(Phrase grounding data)
════════

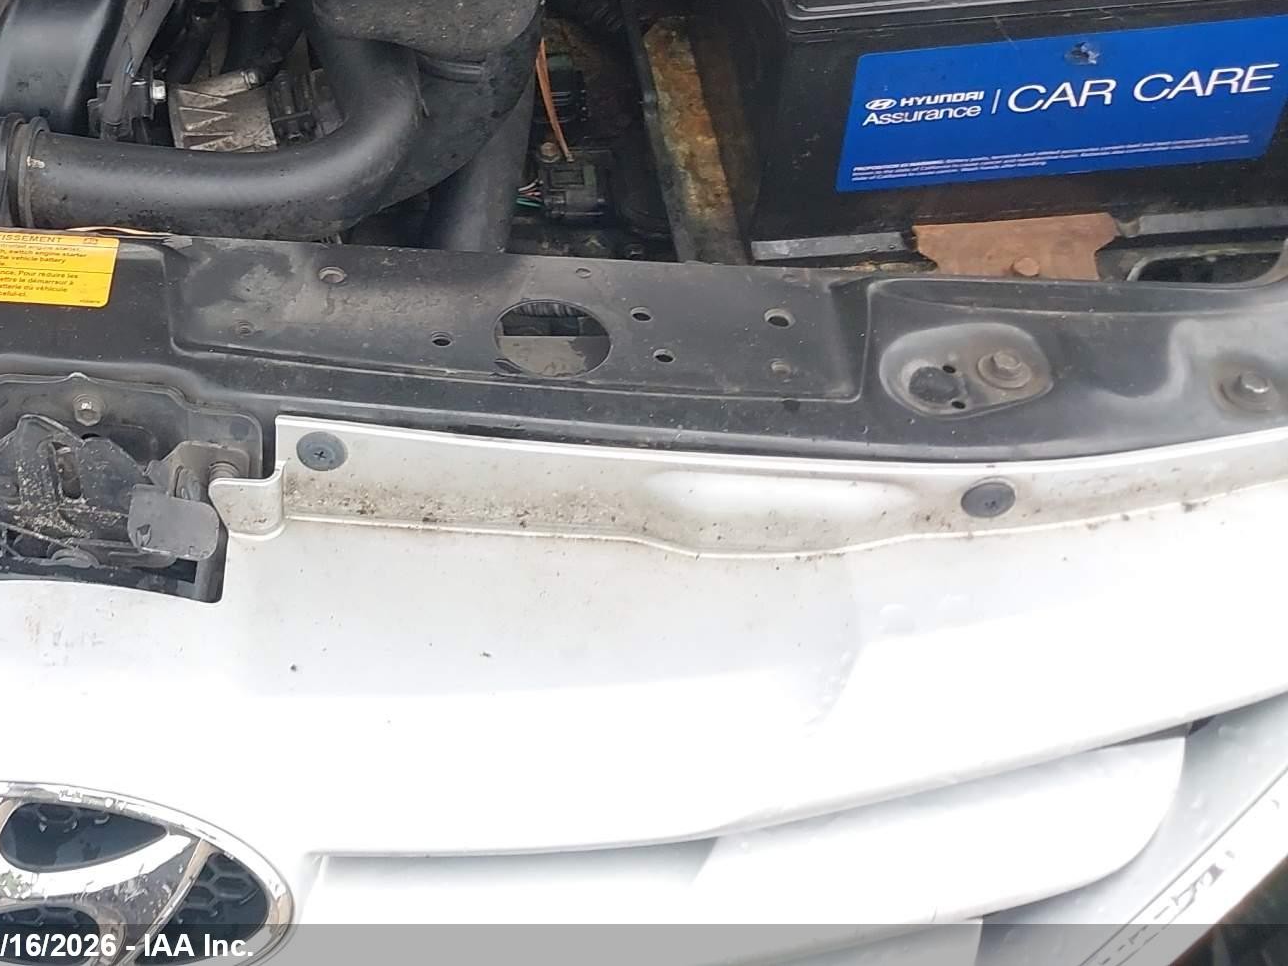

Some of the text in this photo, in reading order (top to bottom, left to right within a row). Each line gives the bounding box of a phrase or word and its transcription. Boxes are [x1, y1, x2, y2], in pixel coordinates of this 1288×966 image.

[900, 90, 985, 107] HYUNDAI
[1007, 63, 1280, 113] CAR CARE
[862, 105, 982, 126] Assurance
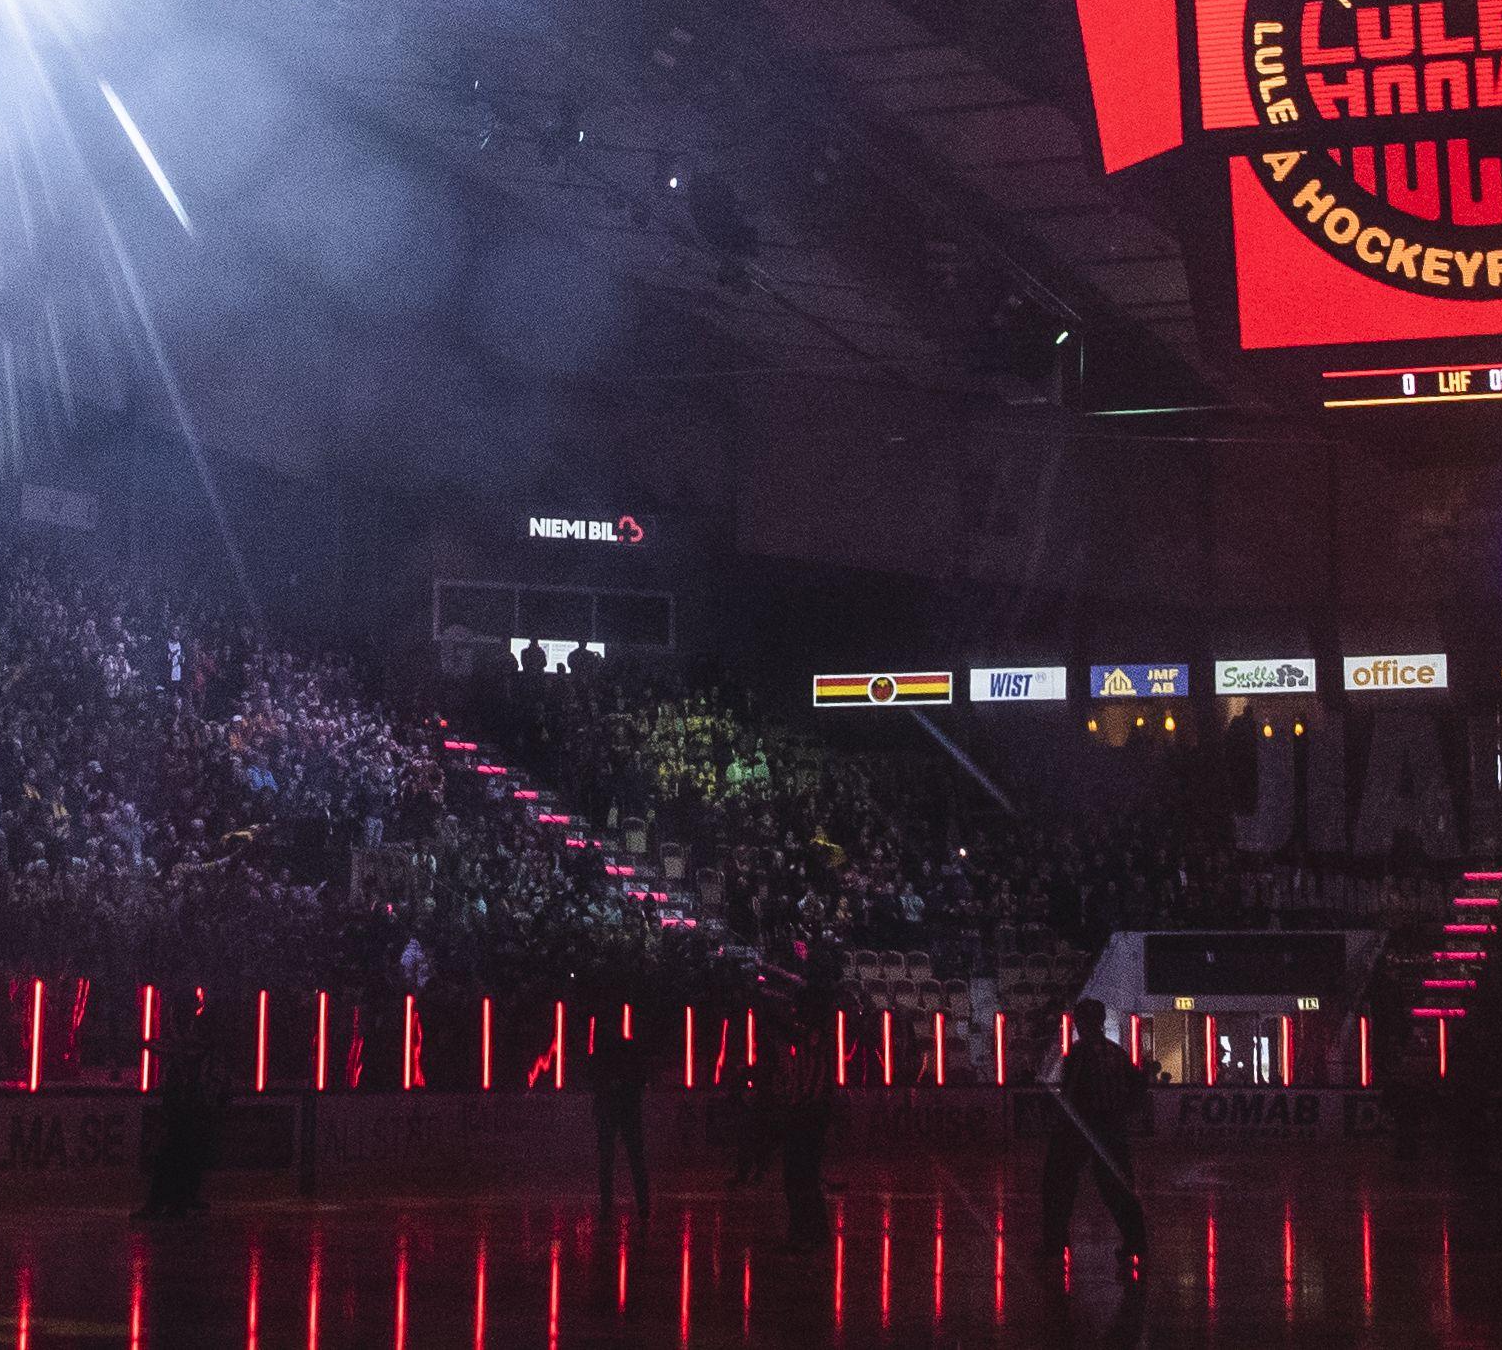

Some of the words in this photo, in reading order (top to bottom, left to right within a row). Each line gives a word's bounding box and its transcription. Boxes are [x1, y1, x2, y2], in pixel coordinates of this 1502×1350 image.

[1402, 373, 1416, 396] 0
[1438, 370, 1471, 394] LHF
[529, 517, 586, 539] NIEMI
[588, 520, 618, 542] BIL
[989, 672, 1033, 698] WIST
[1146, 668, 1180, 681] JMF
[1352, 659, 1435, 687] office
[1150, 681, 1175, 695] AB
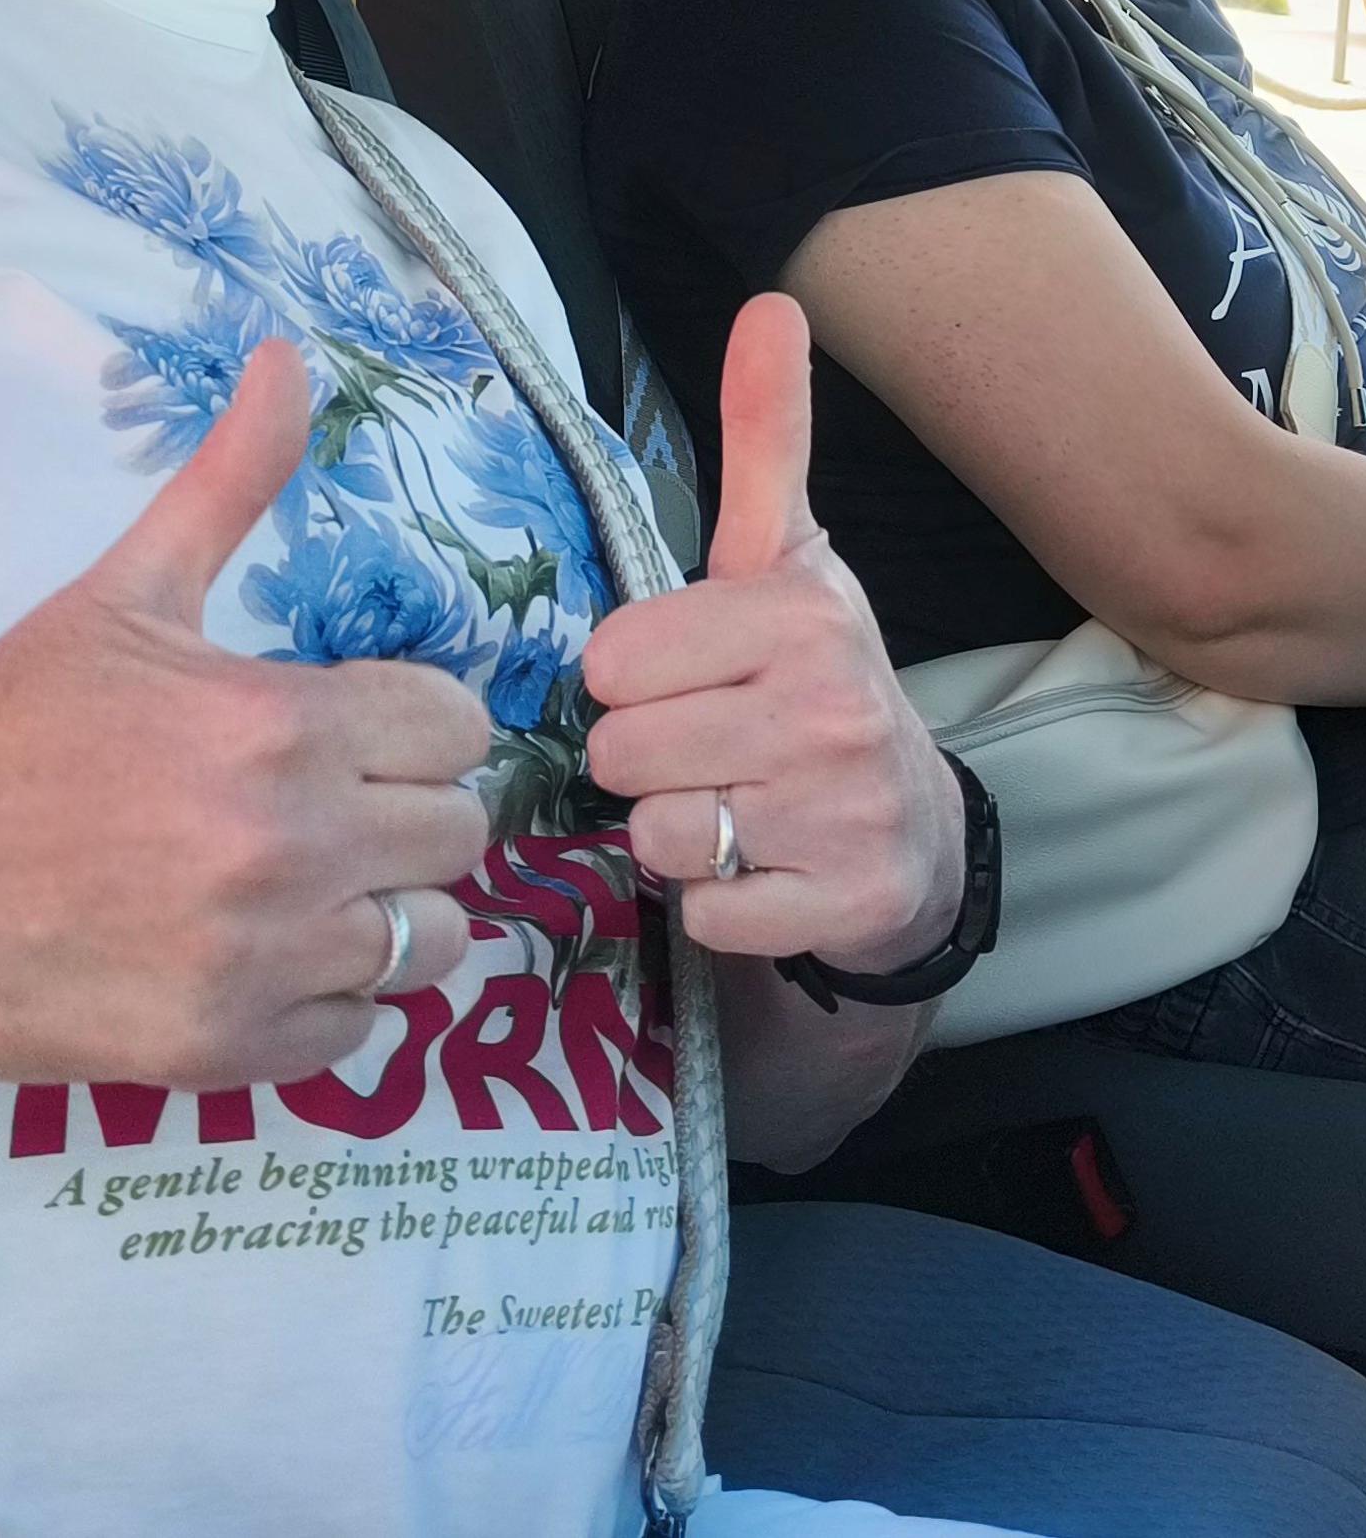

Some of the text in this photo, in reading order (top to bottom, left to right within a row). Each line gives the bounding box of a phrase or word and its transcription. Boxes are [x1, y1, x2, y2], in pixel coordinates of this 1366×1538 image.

════════

» **ABOUT THIS EXERCISE**
Beginning with the line that contains "Some of the words", write out every line through the last one in the records, exactly and without pictures.

» **TASK SOLUTION**
Some of the words in this photo, in reading order (top to bottom, left to right within a row). Each line gives a word's bounding box and its transcription. Boxes are [x1, y1, x2, y2], in pixel coordinates of this 1502×1350 image.

[1402, 373, 1416, 396] 0
[1438, 370, 1471, 394] LHF
[529, 517, 586, 539] NIEMI
[588, 520, 618, 542] BIL
[989, 672, 1033, 698] WIST
[1146, 668, 1180, 681] JMF
[1352, 659, 1435, 687] office
[1150, 681, 1175, 695] AB

Some of the text in this photo, in reading order (top to bottom, left to right within a row). Each line gives the bounding box of a phrase or word and its transcription. Boxes are [x1, y1, x2, y2], in pixel coordinates of this 1366×1538 image.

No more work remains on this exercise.